"""
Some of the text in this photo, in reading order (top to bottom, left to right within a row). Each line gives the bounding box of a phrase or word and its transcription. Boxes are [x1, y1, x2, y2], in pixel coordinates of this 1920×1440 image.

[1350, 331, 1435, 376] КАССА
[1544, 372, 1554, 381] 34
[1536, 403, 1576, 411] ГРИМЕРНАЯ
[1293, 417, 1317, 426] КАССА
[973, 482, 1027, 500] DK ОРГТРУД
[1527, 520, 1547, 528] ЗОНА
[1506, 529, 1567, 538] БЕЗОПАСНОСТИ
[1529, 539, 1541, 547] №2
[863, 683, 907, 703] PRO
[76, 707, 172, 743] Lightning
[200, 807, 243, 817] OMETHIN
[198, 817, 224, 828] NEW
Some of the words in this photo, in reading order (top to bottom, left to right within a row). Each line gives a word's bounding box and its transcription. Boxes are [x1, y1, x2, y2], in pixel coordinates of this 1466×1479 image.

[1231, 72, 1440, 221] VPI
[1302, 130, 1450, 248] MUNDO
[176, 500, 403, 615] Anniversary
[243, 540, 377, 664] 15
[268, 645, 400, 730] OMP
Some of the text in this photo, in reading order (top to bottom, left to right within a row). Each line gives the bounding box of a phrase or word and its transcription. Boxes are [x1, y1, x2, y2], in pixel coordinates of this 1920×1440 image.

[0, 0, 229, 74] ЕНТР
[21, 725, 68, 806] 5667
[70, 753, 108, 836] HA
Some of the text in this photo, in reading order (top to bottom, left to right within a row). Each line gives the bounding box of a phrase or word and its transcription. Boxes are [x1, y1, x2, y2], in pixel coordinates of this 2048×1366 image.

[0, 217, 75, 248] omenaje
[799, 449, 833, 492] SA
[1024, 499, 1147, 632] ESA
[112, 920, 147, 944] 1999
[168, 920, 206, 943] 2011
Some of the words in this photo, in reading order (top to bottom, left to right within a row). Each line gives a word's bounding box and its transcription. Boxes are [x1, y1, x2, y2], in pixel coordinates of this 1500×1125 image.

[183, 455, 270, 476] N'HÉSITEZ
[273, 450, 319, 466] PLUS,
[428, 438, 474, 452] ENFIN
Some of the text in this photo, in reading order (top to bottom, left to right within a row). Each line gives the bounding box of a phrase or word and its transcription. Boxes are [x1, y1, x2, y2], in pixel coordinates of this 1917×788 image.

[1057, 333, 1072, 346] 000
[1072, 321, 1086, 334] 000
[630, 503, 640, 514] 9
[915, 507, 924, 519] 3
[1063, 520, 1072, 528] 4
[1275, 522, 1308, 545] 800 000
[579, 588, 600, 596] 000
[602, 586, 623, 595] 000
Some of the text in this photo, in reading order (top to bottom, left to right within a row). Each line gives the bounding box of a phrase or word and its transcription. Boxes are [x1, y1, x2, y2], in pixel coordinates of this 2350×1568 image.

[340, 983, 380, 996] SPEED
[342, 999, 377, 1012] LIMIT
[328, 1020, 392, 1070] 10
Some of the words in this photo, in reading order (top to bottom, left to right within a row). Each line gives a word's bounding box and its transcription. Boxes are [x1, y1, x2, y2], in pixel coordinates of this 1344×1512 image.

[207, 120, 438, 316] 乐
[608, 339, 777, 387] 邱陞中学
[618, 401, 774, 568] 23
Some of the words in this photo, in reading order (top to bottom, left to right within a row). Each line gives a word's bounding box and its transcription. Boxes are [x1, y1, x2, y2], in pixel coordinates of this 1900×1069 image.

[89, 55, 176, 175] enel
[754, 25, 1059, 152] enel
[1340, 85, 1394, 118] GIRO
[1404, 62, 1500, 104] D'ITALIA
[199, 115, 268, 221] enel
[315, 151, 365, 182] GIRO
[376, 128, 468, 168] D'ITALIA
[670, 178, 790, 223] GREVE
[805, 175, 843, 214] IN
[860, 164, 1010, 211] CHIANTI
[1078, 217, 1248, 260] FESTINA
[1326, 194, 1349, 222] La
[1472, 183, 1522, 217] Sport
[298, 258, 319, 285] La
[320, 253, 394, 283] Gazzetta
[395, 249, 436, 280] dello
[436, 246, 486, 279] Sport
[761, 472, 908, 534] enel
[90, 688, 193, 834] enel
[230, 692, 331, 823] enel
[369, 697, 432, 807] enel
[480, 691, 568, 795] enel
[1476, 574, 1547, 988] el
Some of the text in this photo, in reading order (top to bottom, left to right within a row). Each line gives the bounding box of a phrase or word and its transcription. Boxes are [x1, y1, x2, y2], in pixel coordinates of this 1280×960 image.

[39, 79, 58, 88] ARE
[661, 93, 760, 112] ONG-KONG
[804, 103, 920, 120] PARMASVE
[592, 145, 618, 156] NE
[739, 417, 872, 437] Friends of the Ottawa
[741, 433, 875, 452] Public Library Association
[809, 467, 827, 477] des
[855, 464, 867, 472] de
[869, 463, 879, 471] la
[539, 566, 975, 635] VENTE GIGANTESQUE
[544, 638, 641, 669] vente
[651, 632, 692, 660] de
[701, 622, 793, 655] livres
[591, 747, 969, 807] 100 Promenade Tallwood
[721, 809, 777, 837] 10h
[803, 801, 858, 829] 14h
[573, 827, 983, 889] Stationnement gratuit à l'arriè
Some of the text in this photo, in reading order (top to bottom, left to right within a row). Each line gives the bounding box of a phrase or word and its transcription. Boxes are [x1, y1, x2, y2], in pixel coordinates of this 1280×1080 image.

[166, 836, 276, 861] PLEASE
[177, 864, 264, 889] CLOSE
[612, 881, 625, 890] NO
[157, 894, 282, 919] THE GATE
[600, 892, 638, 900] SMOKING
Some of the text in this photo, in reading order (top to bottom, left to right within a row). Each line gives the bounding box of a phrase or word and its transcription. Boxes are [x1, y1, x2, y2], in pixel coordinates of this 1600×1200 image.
"""
WORK INSTRUCTIONS =>
Repeat the material above in full, quoting it exactly.

SOLUTION TO THIS EXERCISE =>
Some of the text in this photo, in reading order (top to bottom, left to right within a row). Each line gives the bounding box of a phrase or word and its transcription. Boxes are [x1, y1, x2, y2], in pixel coordinates of this 1920×1440 image.

[1350, 331, 1435, 376] КАССА
[1544, 372, 1554, 381] 34
[1536, 403, 1576, 411] ГРИМЕРНАЯ
[1293, 417, 1317, 426] КАССА
[973, 482, 1027, 500] DK ОРГТРУД
[1527, 520, 1547, 528] ЗОНА
[1506, 529, 1567, 538] БЕЗОПАСНОСТИ
[1529, 539, 1541, 547] №2
[863, 683, 907, 703] PRO
[76, 707, 172, 743] Lightning
[200, 807, 243, 817] OMETHIN
[198, 817, 224, 828] NEW
Some of the words in this photo, in reading order (top to bottom, left to right within a row). Each line gives a word's bounding box and its transcription. Boxes are [x1, y1, x2, y2], in pixel coordinates of this 1466×1479 image.

[1231, 72, 1440, 221] VPI
[1302, 130, 1450, 248] MUNDO
[176, 500, 403, 615] Anniversary
[243, 540, 377, 664] 15
[268, 645, 400, 730] OMP
Some of the text in this photo, in reading order (top to bottom, left to right within a row). Each line gives the bounding box of a phrase or word and its transcription. Boxes are [x1, y1, x2, y2], in pixel coordinates of this 1920×1440 image.

[0, 0, 229, 74] ЕНТР
[21, 725, 68, 806] 5667
[70, 753, 108, 836] HA
Some of the text in this photo, in reading order (top to bottom, left to right within a row). Each line gives the bounding box of a phrase or word and its transcription. Boxes are [x1, y1, x2, y2], in pixel coordinates of this 2048×1366 image.

[0, 217, 75, 248] omenaje
[799, 449, 833, 492] SA
[1024, 499, 1147, 632] ESA
[112, 920, 147, 944] 1999
[168, 920, 206, 943] 2011
Some of the words in this photo, in reading order (top to bottom, left to right within a row). Each line gives a word's bounding box and its transcription. Boxes are [x1, y1, x2, y2], in pixel coordinates of this 1500×1125 image.

[183, 455, 270, 476] N'HÉSITEZ
[273, 450, 319, 466] PLUS,
[428, 438, 474, 452] ENFIN
Some of the text in this photo, in reading order (top to bottom, left to right within a row). Each line gives the bounding box of a phrase or word and its transcription. Boxes are [x1, y1, x2, y2], in pixel coordinates of this 1917×788 image.

[1057, 333, 1072, 346] 000
[1072, 321, 1086, 334] 000
[630, 503, 640, 514] 9
[915, 507, 924, 519] 3
[1063, 520, 1072, 528] 4
[1275, 522, 1308, 545] 800 000
[579, 588, 600, 596] 000
[602, 586, 623, 595] 000
Some of the text in this photo, in reading order (top to bottom, left to right within a row). Each line gives the bounding box of a phrase or word and its transcription. Boxes are [x1, y1, x2, y2], in pixel coordinates of this 2350×1568 image.

[340, 983, 380, 996] SPEED
[342, 999, 377, 1012] LIMIT
[328, 1020, 392, 1070] 10
Some of the words in this photo, in reading order (top to bottom, left to right within a row). Each line gives a word's bounding box and its transcription. Boxes are [x1, y1, x2, y2], in pixel coordinates of this 1344×1512 image.

[207, 120, 438, 316] 乐
[608, 339, 777, 387] 邱陞中学
[618, 401, 774, 568] 23
Some of the words in this photo, in reading order (top to bottom, left to right within a row). Each line gives a word's bounding box and its transcription. Boxes are [x1, y1, x2, y2], in pixel coordinates of this 1900×1069 image.

[89, 55, 176, 175] enel
[754, 25, 1059, 152] enel
[1340, 85, 1394, 118] GIRO
[1404, 62, 1500, 104] D'ITALIA
[199, 115, 268, 221] enel
[315, 151, 365, 182] GIRO
[376, 128, 468, 168] D'ITALIA
[670, 178, 790, 223] GREVE
[805, 175, 843, 214] IN
[860, 164, 1010, 211] CHIANTI
[1078, 217, 1248, 260] FESTINA
[1326, 194, 1349, 222] La
[1472, 183, 1522, 217] Sport
[298, 258, 319, 285] La
[320, 253, 394, 283] Gazzetta
[395, 249, 436, 280] dello
[436, 246, 486, 279] Sport
[761, 472, 908, 534] enel
[90, 688, 193, 834] enel
[230, 692, 331, 823] enel
[369, 697, 432, 807] enel
[480, 691, 568, 795] enel
[1476, 574, 1547, 988] el
Some of the text in this photo, in reading order (top to bottom, left to right within a row). Each line gives the bounding box of a phrase or word and its transcription. Boxes are [x1, y1, x2, y2], in pixel coordinates of this 1280×960 image.

[39, 79, 58, 88] ARE
[661, 93, 760, 112] ONG-KONG
[804, 103, 920, 120] PARMASVE
[592, 145, 618, 156] NE
[739, 417, 872, 437] Friends of the Ottawa
[741, 433, 875, 452] Public Library Association
[809, 467, 827, 477] des
[855, 464, 867, 472] de
[869, 463, 879, 471] la
[539, 566, 975, 635] VENTE GIGANTESQUE
[544, 638, 641, 669] vente
[651, 632, 692, 660] de
[701, 622, 793, 655] livres
[591, 747, 969, 807] 100 Promenade Tallwood
[721, 809, 777, 837] 10h
[803, 801, 858, 829] 14h
[573, 827, 983, 889] Stationnement gratuit à l'arriè
Some of the text in this photo, in reading order (top to bottom, left to right within a row). Each line gives the bounding box of a phrase or word and its transcription. Boxes are [x1, y1, x2, y2], in pixel coordinates of this 1280×1080 image.

[166, 836, 276, 861] PLEASE
[177, 864, 264, 889] CLOSE
[612, 881, 625, 890] NO
[157, 894, 282, 919] THE GATE
[600, 892, 638, 900] SMOKING
Some of the text in this photo, in reading order (top to bottom, left to right within a row). Each line gives the bounding box of a phrase or word and its transcription. Boxes are [x1, y1, x2, y2], in pixel coordinates of this 1600×1200 image.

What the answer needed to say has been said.